_What is expected_
Every record must appear in your copy exactly as written, with no pictures.

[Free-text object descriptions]
···

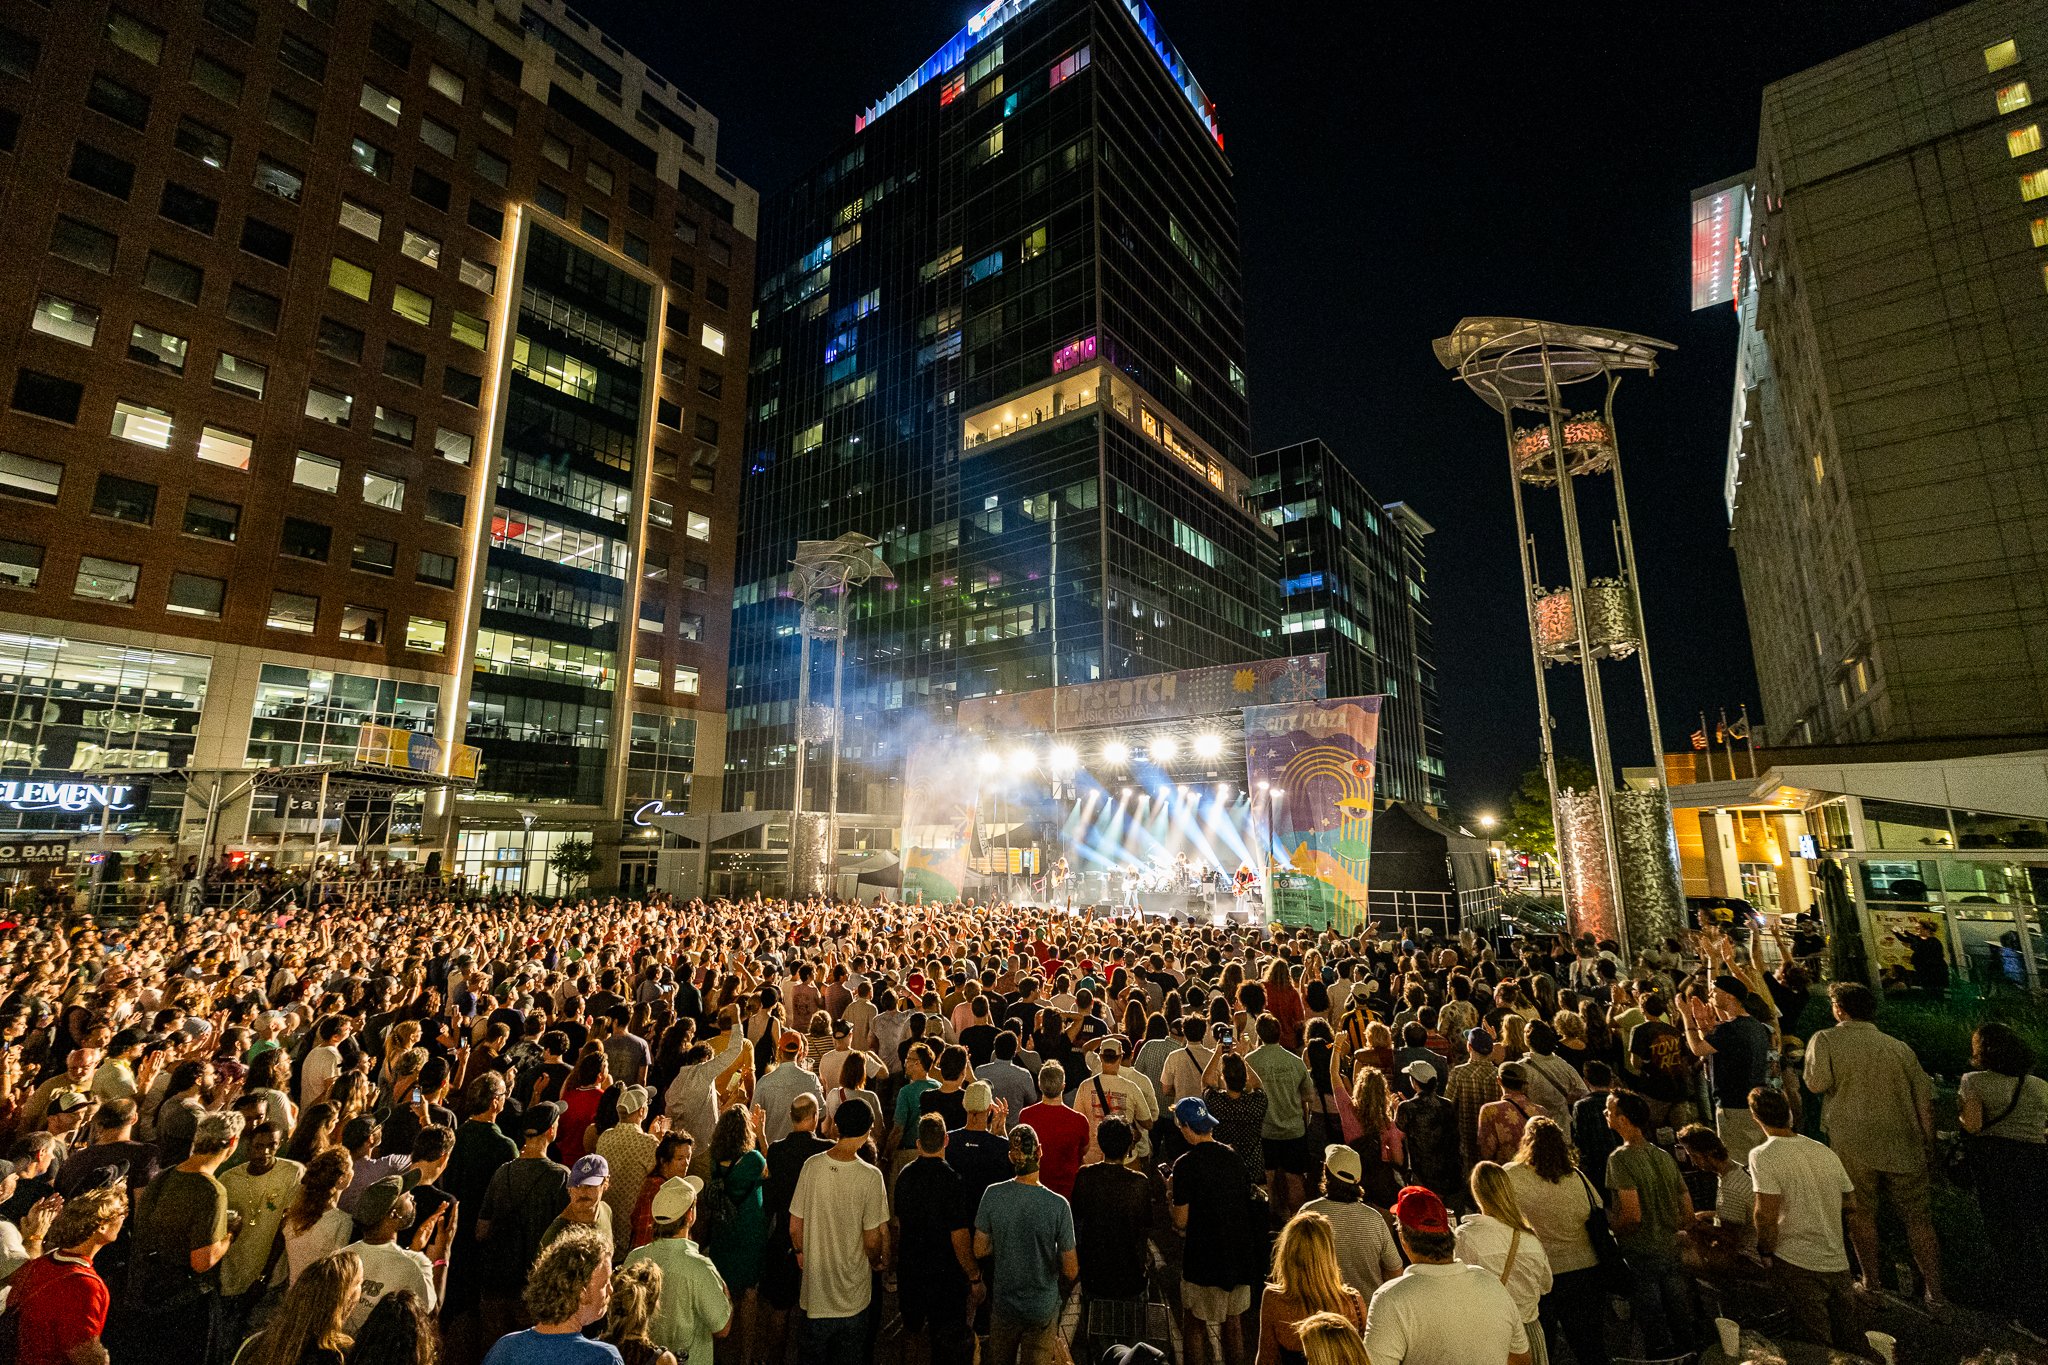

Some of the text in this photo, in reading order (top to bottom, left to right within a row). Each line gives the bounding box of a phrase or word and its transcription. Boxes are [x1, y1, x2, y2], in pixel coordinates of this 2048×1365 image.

[1074, 704, 1152, 723] MUSIC FESTIVAL
[1266, 712, 1346, 731] CITY PLAZA
[22, 845, 66, 858] BAR
[1649, 1037, 1680, 1055] TONY
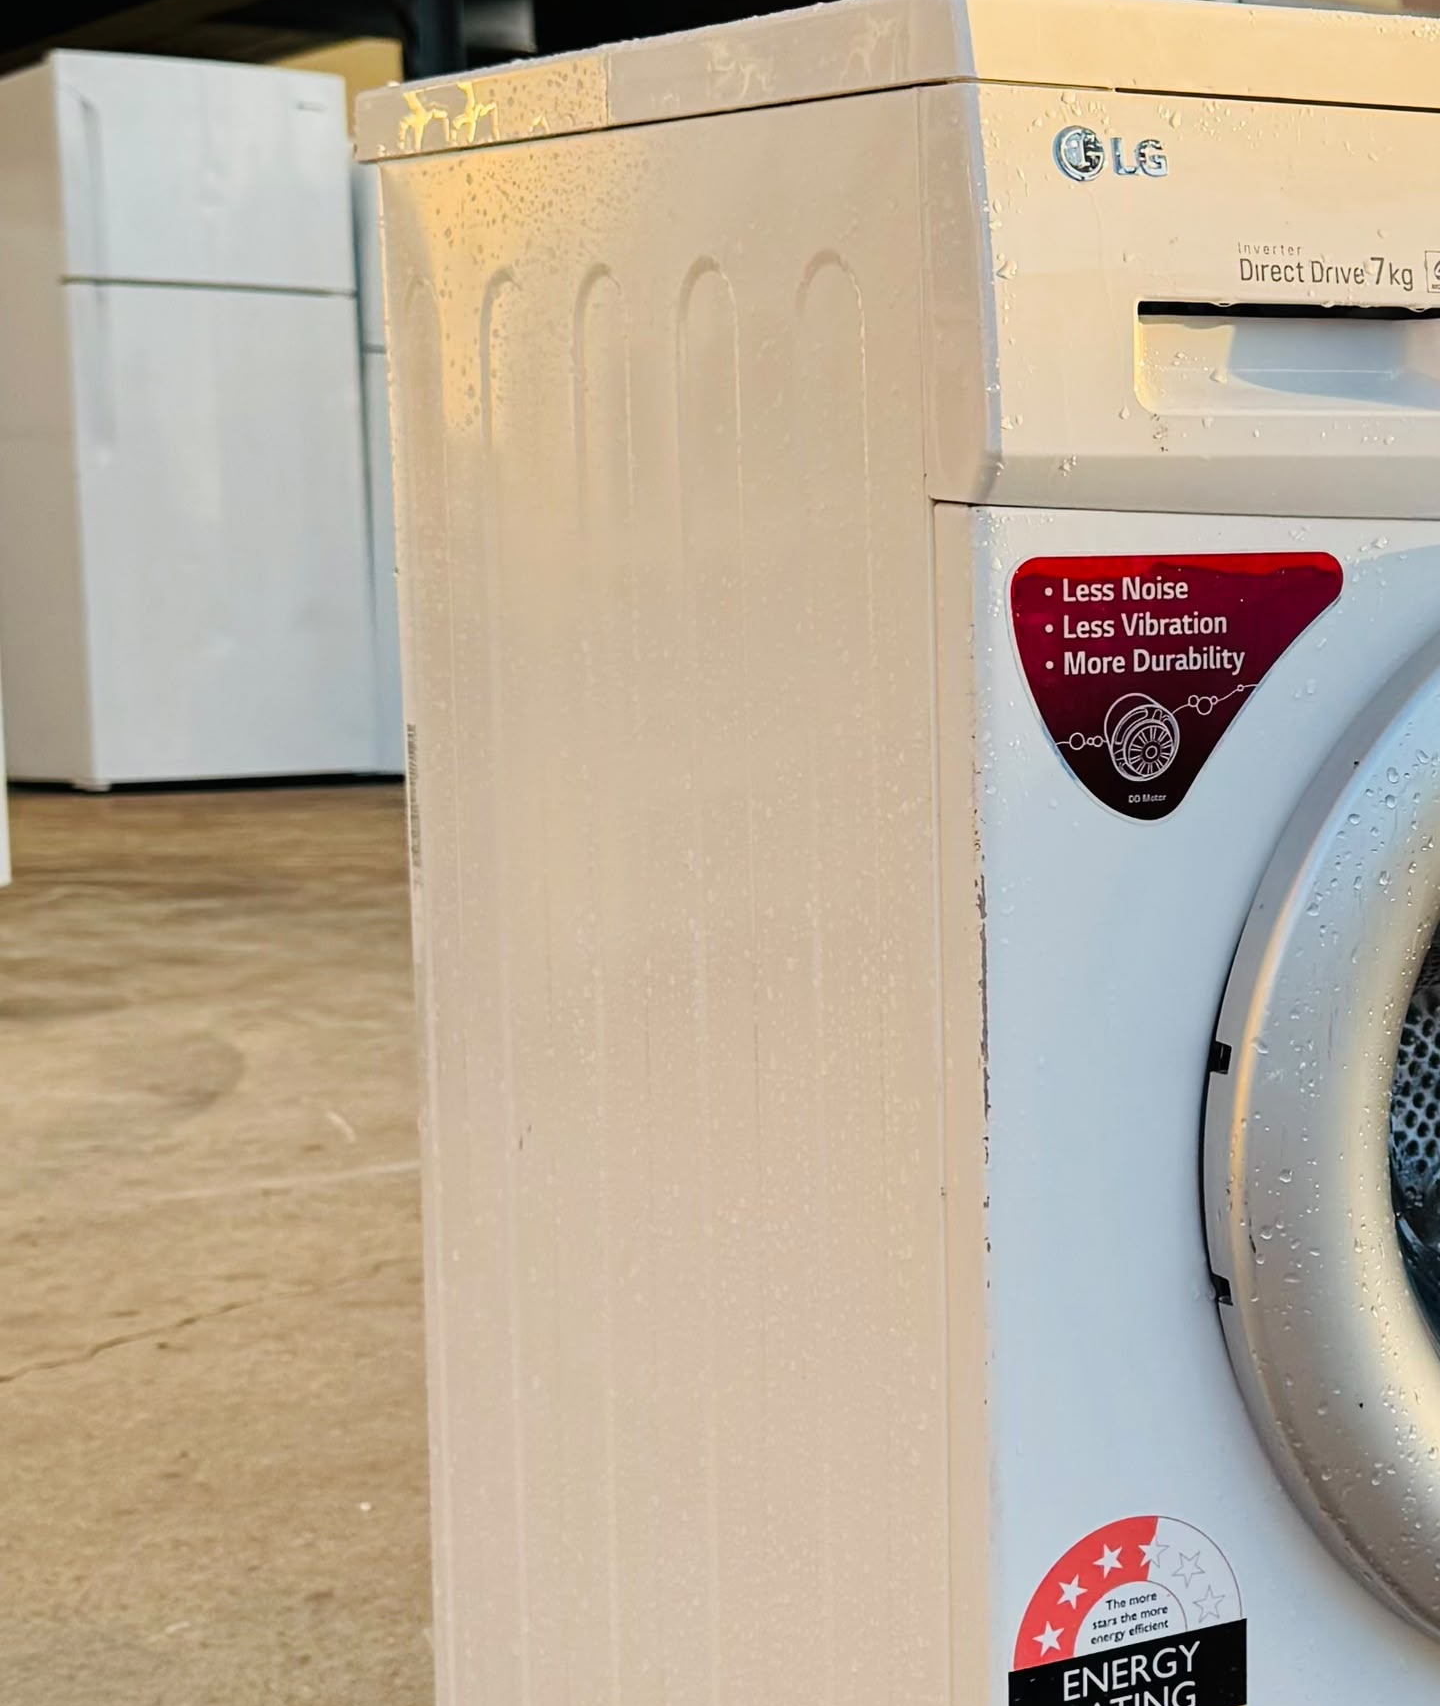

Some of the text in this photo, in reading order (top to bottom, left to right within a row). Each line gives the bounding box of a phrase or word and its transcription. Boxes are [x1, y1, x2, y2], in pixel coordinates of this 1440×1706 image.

[1110, 137, 1168, 177] LG
[1237, 242, 1303, 256] Inverter
[1239, 258, 1304, 284] Direct
[1310, 260, 1365, 286] Drive
[1062, 575, 1188, 602] Less Noise
[1062, 611, 1228, 639] Less Vibration
[1063, 645, 1246, 676] More Durability
[1128, 793, 1167, 804] DD Motor
[1106, 1592, 1158, 1611] The more
[1092, 1605, 1169, 1630] stars the more
[1090, 1619, 1170, 1646] energy efficient
[1062, 1640, 1201, 1702] ENERGY
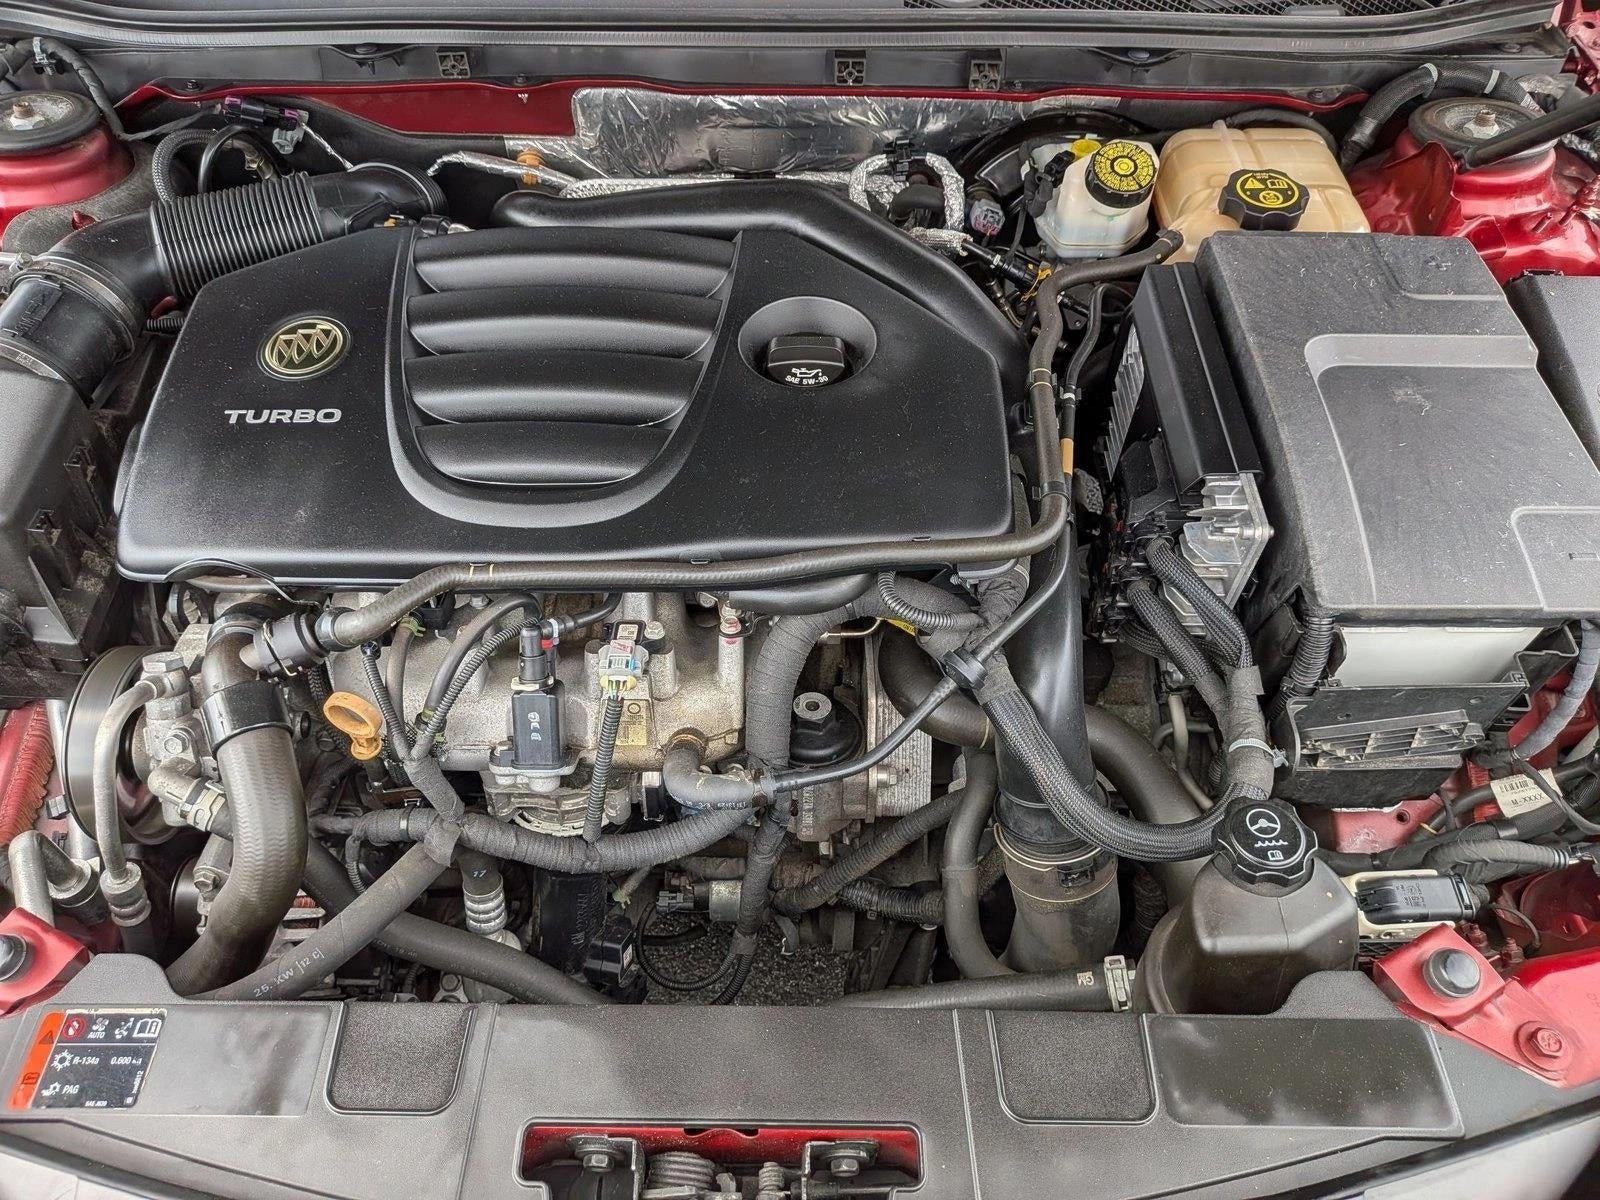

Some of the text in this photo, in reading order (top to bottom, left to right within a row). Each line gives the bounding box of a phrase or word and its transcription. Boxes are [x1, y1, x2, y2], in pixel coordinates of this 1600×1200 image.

···

_Task output_
Some of the text in this photo, in reading order (top to bottom, left to right within a row). Each line gives the bounding box of a phrase or word and its transcription. Boxes are [x1, y1, x2, y2], in pixel coordinates of this 2048×1365 image.

[1074, 704, 1152, 723] MUSIC FESTIVAL
[1266, 712, 1346, 731] CITY PLAZA
[22, 845, 66, 858] BAR
[1649, 1037, 1680, 1055] TONY

Some of the text in this photo, in reading order (top to bottom, left to right within a row). Each line gives the bounding box of a phrase or word and its transcription. Boxes are [x1, y1, x2, y2], in pixel coordinates of this 1440×1706 image.

[1110, 137, 1168, 177] LG
[1237, 242, 1303, 256] Inverter
[1239, 258, 1304, 284] Direct
[1310, 260, 1365, 286] Drive
[1062, 575, 1188, 602] Less Noise
[1062, 611, 1228, 639] Less Vibration
[1063, 645, 1246, 676] More Durability
[1128, 793, 1167, 804] DD Motor
[1106, 1592, 1158, 1611] The more
[1092, 1605, 1169, 1630] stars the more
[1090, 1619, 1170, 1646] energy efficient
[1062, 1640, 1201, 1702] ENERGY

Some of the text in this photo, in reading order (top to bottom, left to right within a row). Each line gives the bounding box of a phrase or word and its transcription. Boxes are [x1, y1, x2, y2], in pixel coordinates of this 1600×1200 image.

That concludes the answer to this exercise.